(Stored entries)
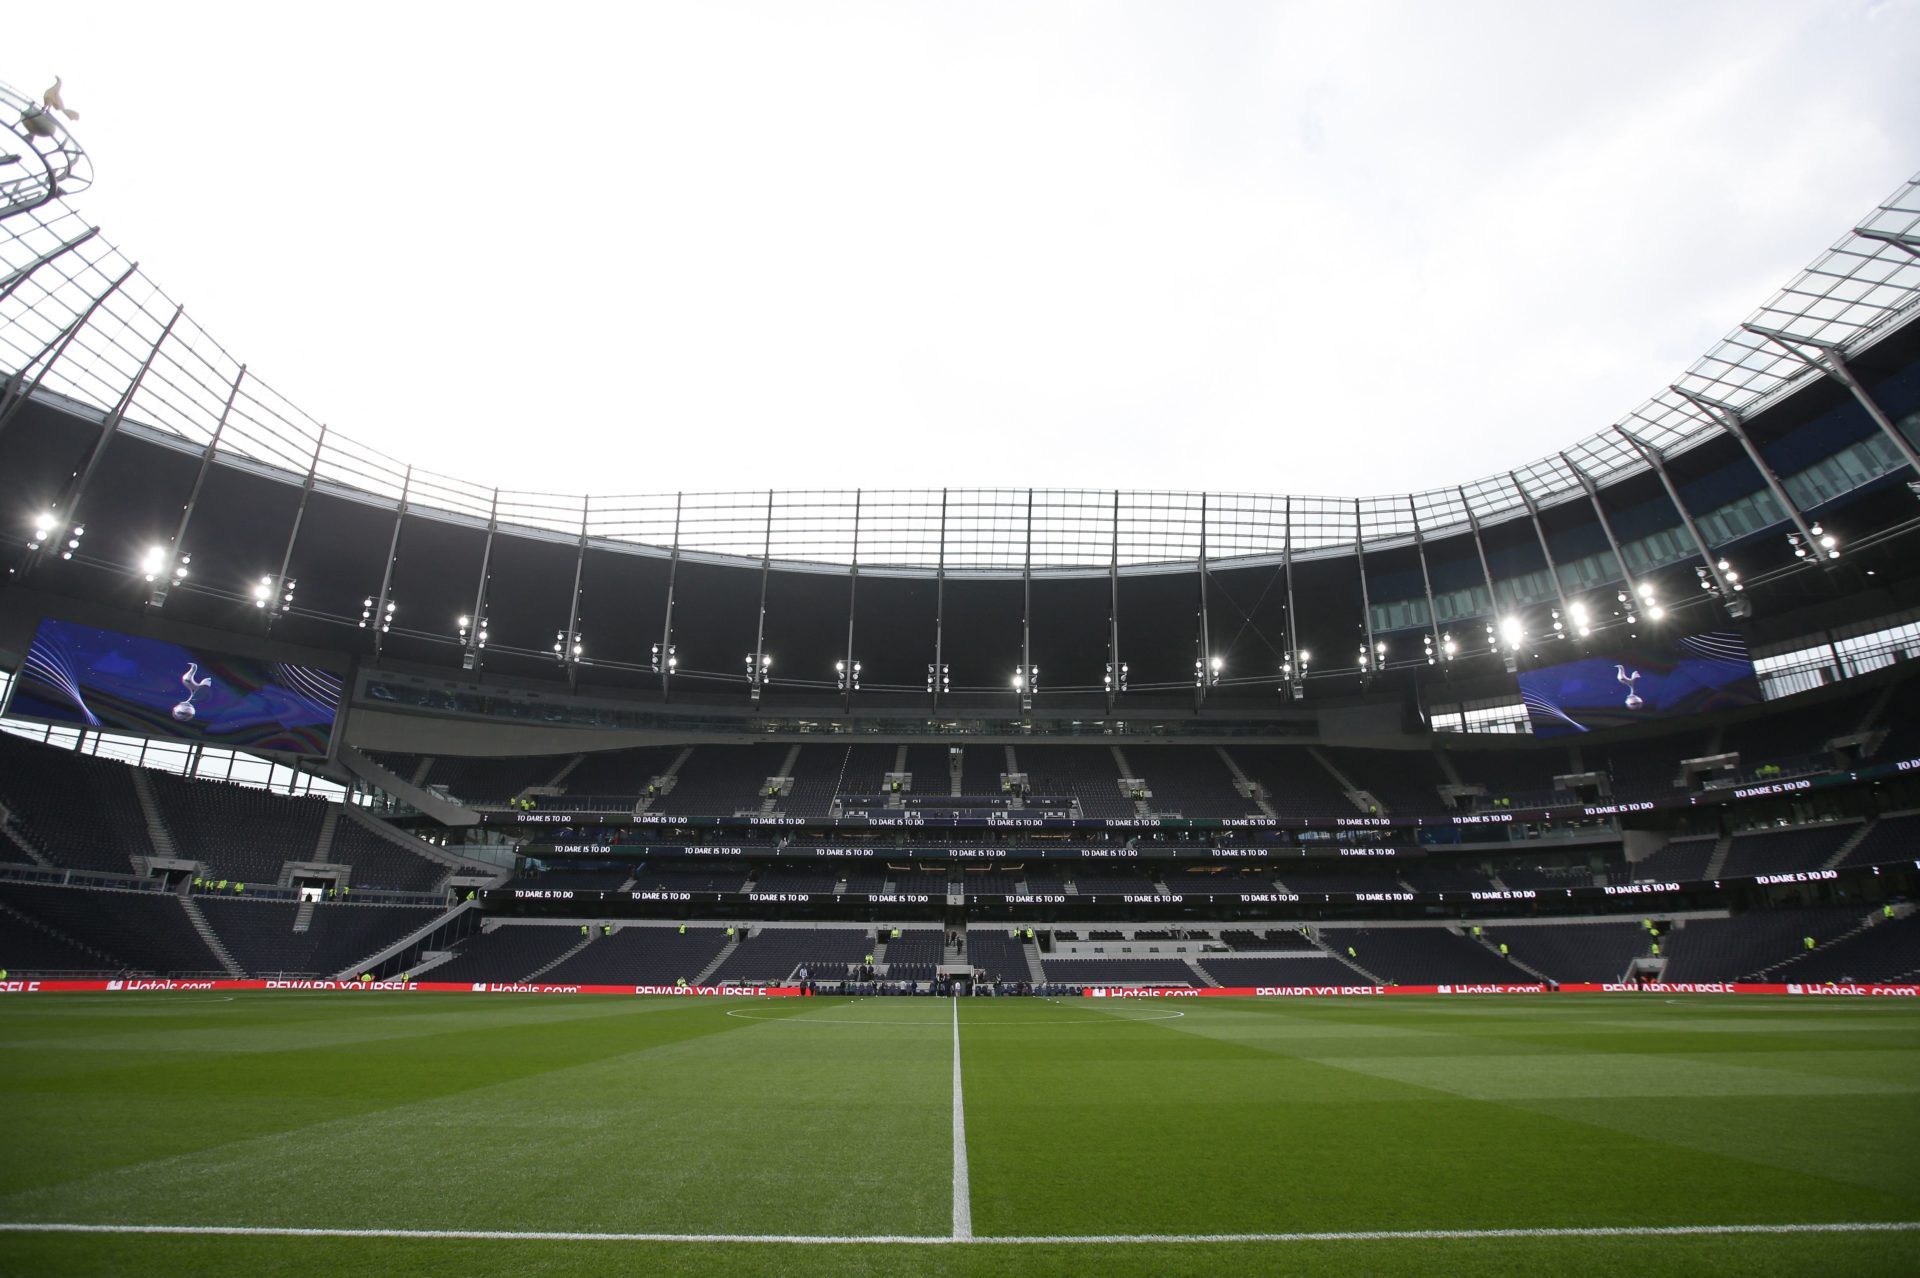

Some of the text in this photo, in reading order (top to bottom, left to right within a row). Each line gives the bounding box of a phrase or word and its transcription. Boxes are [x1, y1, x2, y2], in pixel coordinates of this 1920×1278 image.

[1896, 761, 1910, 770] TO
[1734, 790, 1747, 798] TO
[1747, 786, 1772, 796] DARE
[1772, 784, 1783, 793] IS
[1796, 780, 1810, 788] DO
[1596, 806, 1619, 814] DARE
[1628, 803, 1640, 811] TO
[1755, 870, 1837, 884] TO DARE IS TO DO
[1616, 885, 1642, 893] DARE
[1665, 883, 1680, 891] DO
[525, 890, 543, 898] DARE
[1523, 890, 1536, 898] DO
[127, 980, 212, 989] Hotelscom
[491, 983, 577, 993] Hotelscom
[1455, 984, 1541, 993] Hotelscom
[1111, 988, 1199, 997] Hotelscom
[1806, 984, 1917, 996] Hotelscom
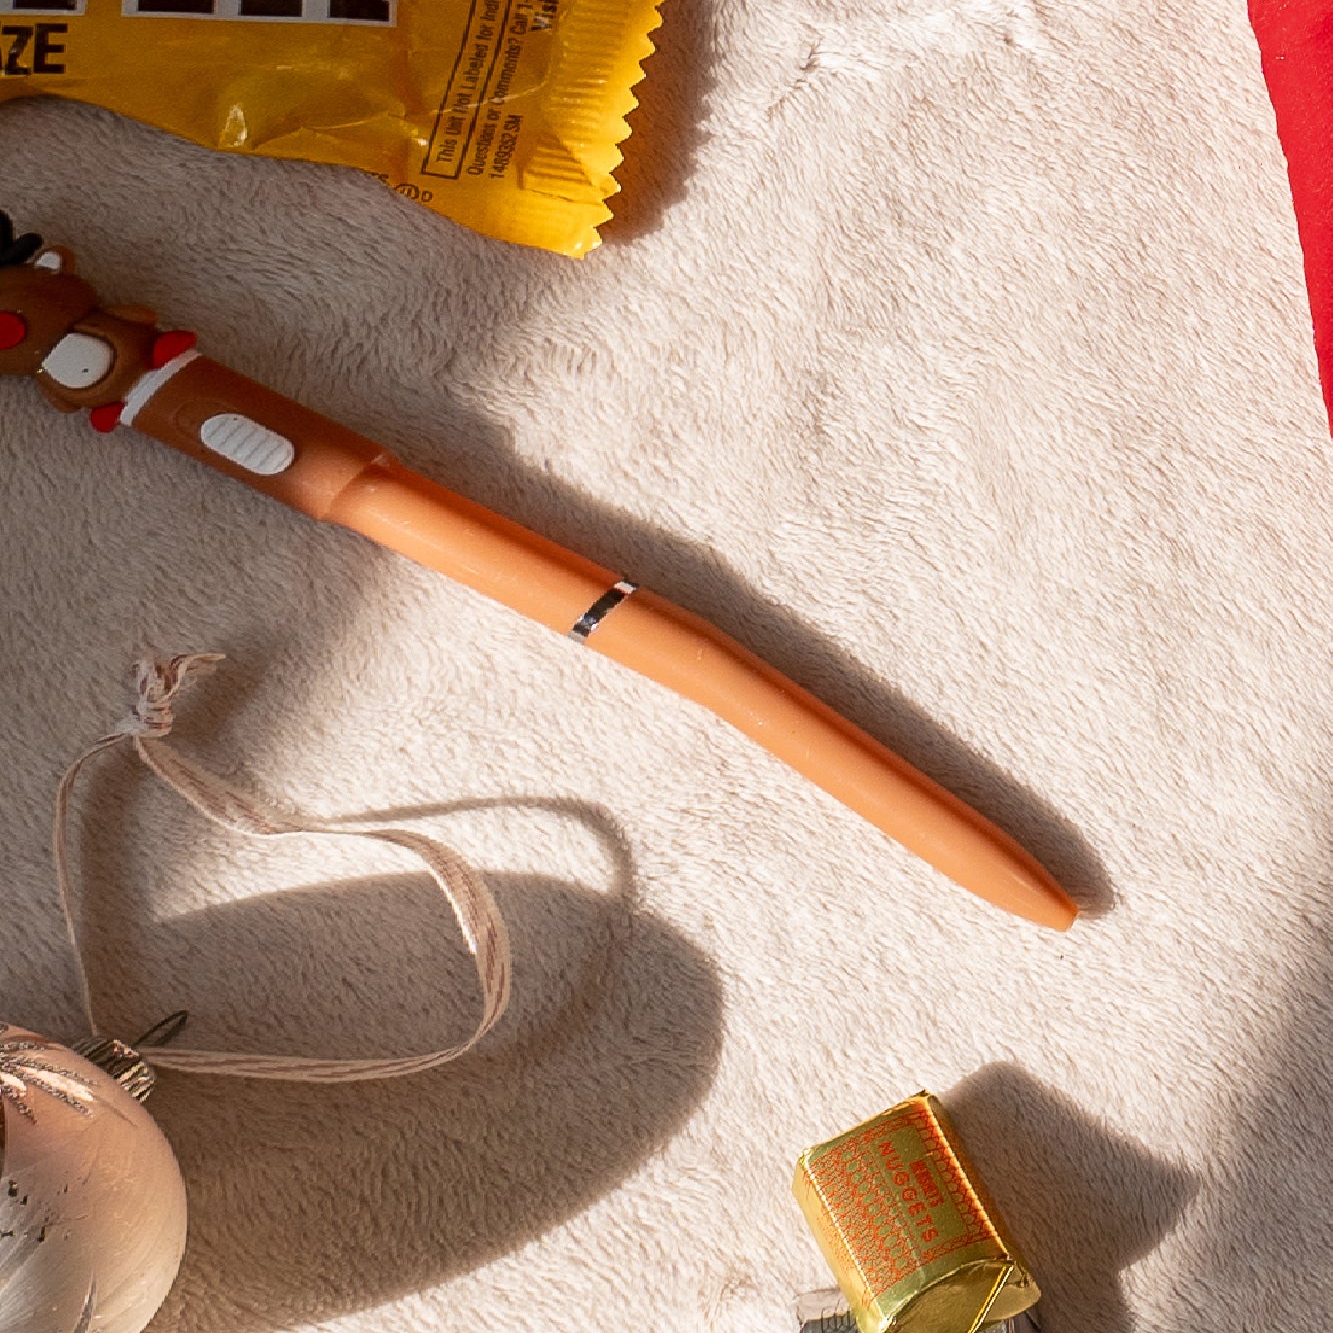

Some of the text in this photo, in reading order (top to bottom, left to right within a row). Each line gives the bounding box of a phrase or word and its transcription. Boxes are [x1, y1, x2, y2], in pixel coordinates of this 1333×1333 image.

→ **Instructions for the task**: Return every line above exactly, omitting images.

→ **Expected answer**:
Some of the text in this photo, in reading order (top to bottom, left to right within a row). Each line gives the bounding box of a phrase or word and its transcription. Boxes are [x1, y1, x2, y2], in pixel coordinates of this 1920×1278 image.

[1896, 761, 1910, 770] TO
[1734, 790, 1747, 798] TO
[1747, 786, 1772, 796] DARE
[1772, 784, 1783, 793] IS
[1796, 780, 1810, 788] DO
[1596, 806, 1619, 814] DARE
[1628, 803, 1640, 811] TO
[1755, 870, 1837, 884] TO DARE IS TO DO
[1616, 885, 1642, 893] DARE
[1665, 883, 1680, 891] DO
[525, 890, 543, 898] DARE
[1523, 890, 1536, 898] DO
[127, 980, 212, 989] Hotelscom
[491, 983, 577, 993] Hotelscom
[1455, 984, 1541, 993] Hotelscom
[1111, 988, 1199, 997] Hotelscom
[1806, 984, 1917, 996] Hotelscom

Some of the text in this photo, in reading order (top to bottom, left to right within a row). Each line gives the bounding box of a phrase or word and its transcription. Boxes are [x1, y1, x2, y2], in pixel coordinates of this 1333×1333 image.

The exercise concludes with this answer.